Portugal é um Estado de direito, livre e democrático. Com uma Constituição basilar que orienta o funcionamento da sociedade, estabelecendo um conjunto de leis e normas que garantem a convivência entre os cidadãos. São assegurados e protegidos os direitos humanos e fundamentais e a dignidade da pessoa humana, ao mesmo tempo que se garante o pluralismo político e as liberdades de expressão e de associação.
Contudo, o Estado de direito português atravessa um momento grave. Os recentes outdoors colocados pelo partido Chega, com mensagens como “Isto não é o Bangladesh” e “Os ciganos têm de cumprir a lei”, revelam as fragilidades que a nossa democracia e a nossa Constituição enfrentam. Estes cartazes ofensivos e condenáveis representam uma clara violação dos valores fundamentais da República e uma tentativa deliberada de normalizar o discurso de ódio no espaço público.
Com uma inspiração barata na retórica da extrema-direita europeia e internacional, este tipo de propaganda dissemina racismo, xenofobia e intolerância, fomentando o ódio étnico e a discriminação. Além disso, procura instrumentalizar o medo e o preconceito para fins eleitorais e utiliza o descontentamento social como ferramenta de manipulação política.
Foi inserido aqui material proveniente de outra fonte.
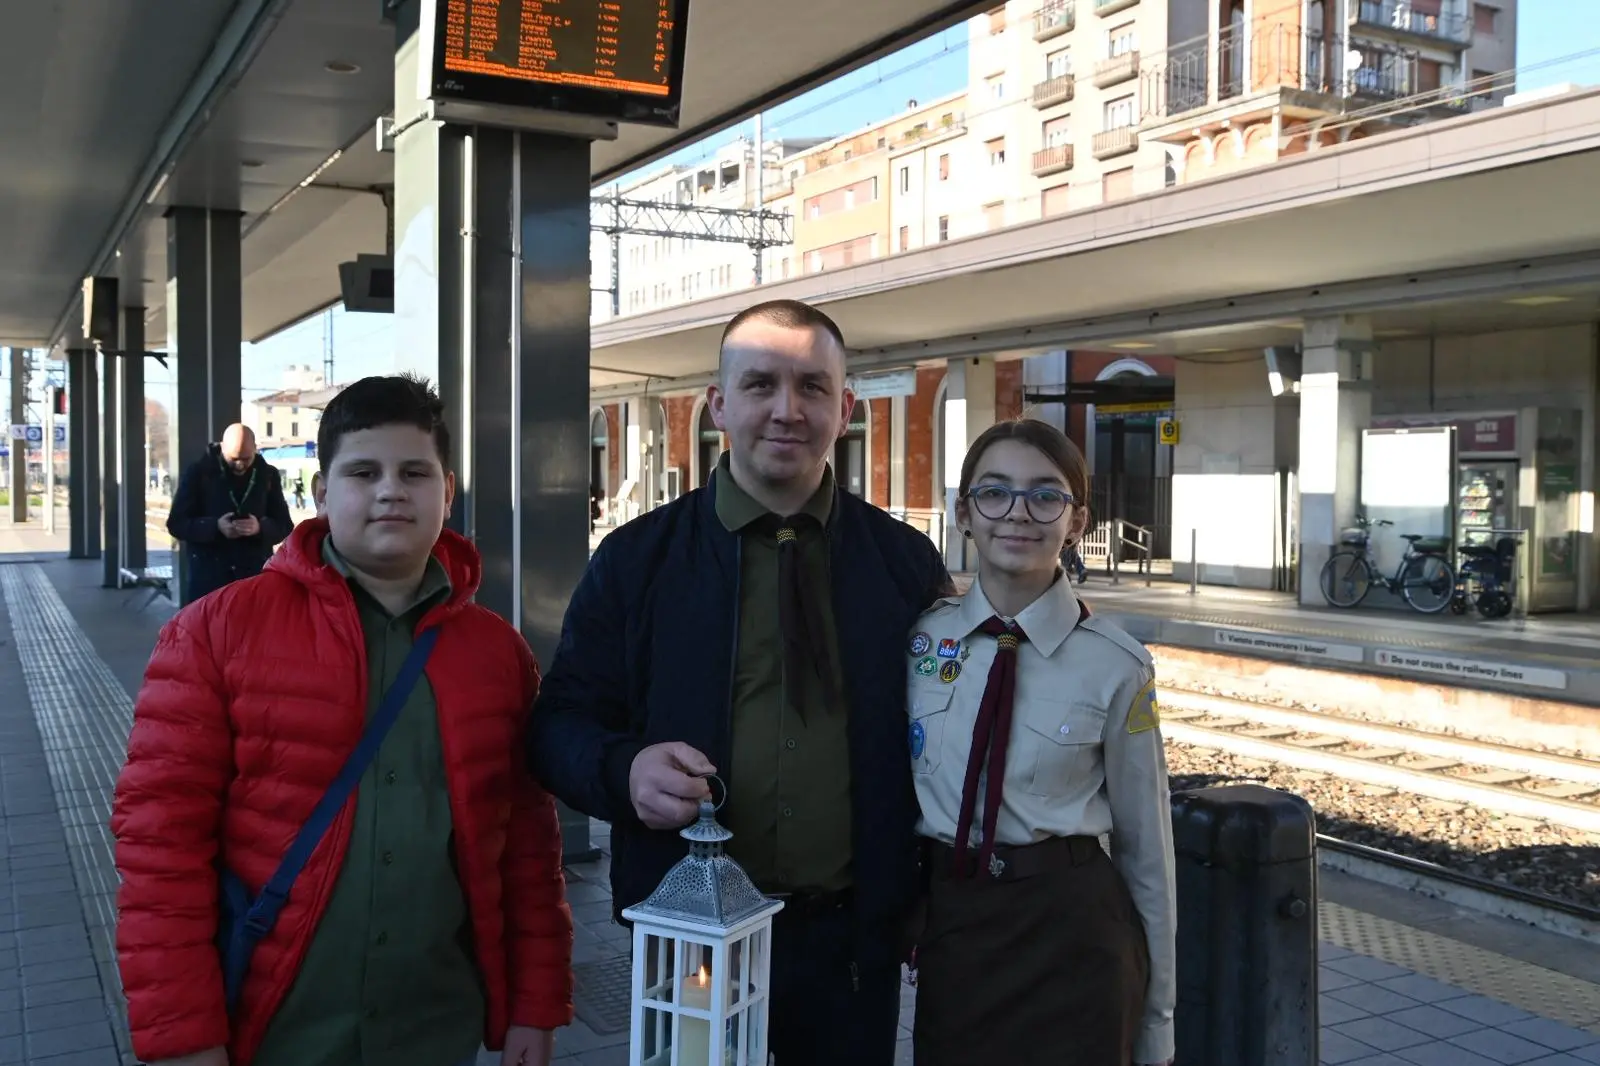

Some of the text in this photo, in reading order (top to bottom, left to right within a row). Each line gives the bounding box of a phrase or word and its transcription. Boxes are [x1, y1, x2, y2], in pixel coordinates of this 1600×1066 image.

[1391, 655, 1524, 680] Do not cross the railway lines
Trata-se de uma estratégia perigosa que ameaça dividir ainda mais a sociedade portuguesa e corroer os princípios humanistas consagrados na Constituição.
Por conseguinte, o artigo 240.º do Código Penal é claro: prevê pena de prisão para quem fundar, apoiar ou promover organizações ou atividades que incitem à discriminação, ao ódio ou à violência contra pessoas ou grupos em razão da sua origem étnico-racial, nacionalidade, religião, sexo, orientação sexual, identidade de género ou outras características pessoais. À luz deste artigo, é evidente que tais cartazes configuram uma violação da lei e, por conseguinte, deveriam ser imediatamente removidos.
No entanto, continuam expostos, o que levanta uma questão fundamental. Será que Portugal continua a ser, na prática, um verdadeiro e efetivo Estado de direito? Como é possível que, num país que se orgulha de ter uma democracia relativamente consolidada, ainda se tolere a presença de propaganda racista e
discriminatória no espaço público? A, infelizmente habitual, passividade das instituições perante este tipo de discurso fragiliza a confiança na justiça e nas próprias instituições que sustentam o regime democrático.
Num Estado que se quer inclusivo e não exclusivo, não pode haver espaço para o ódio. Defender a democracia implica também defender quem nela é alvo de discriminação. Permanecer em silêncio perante a intolerância é permitir que ela se torne norma.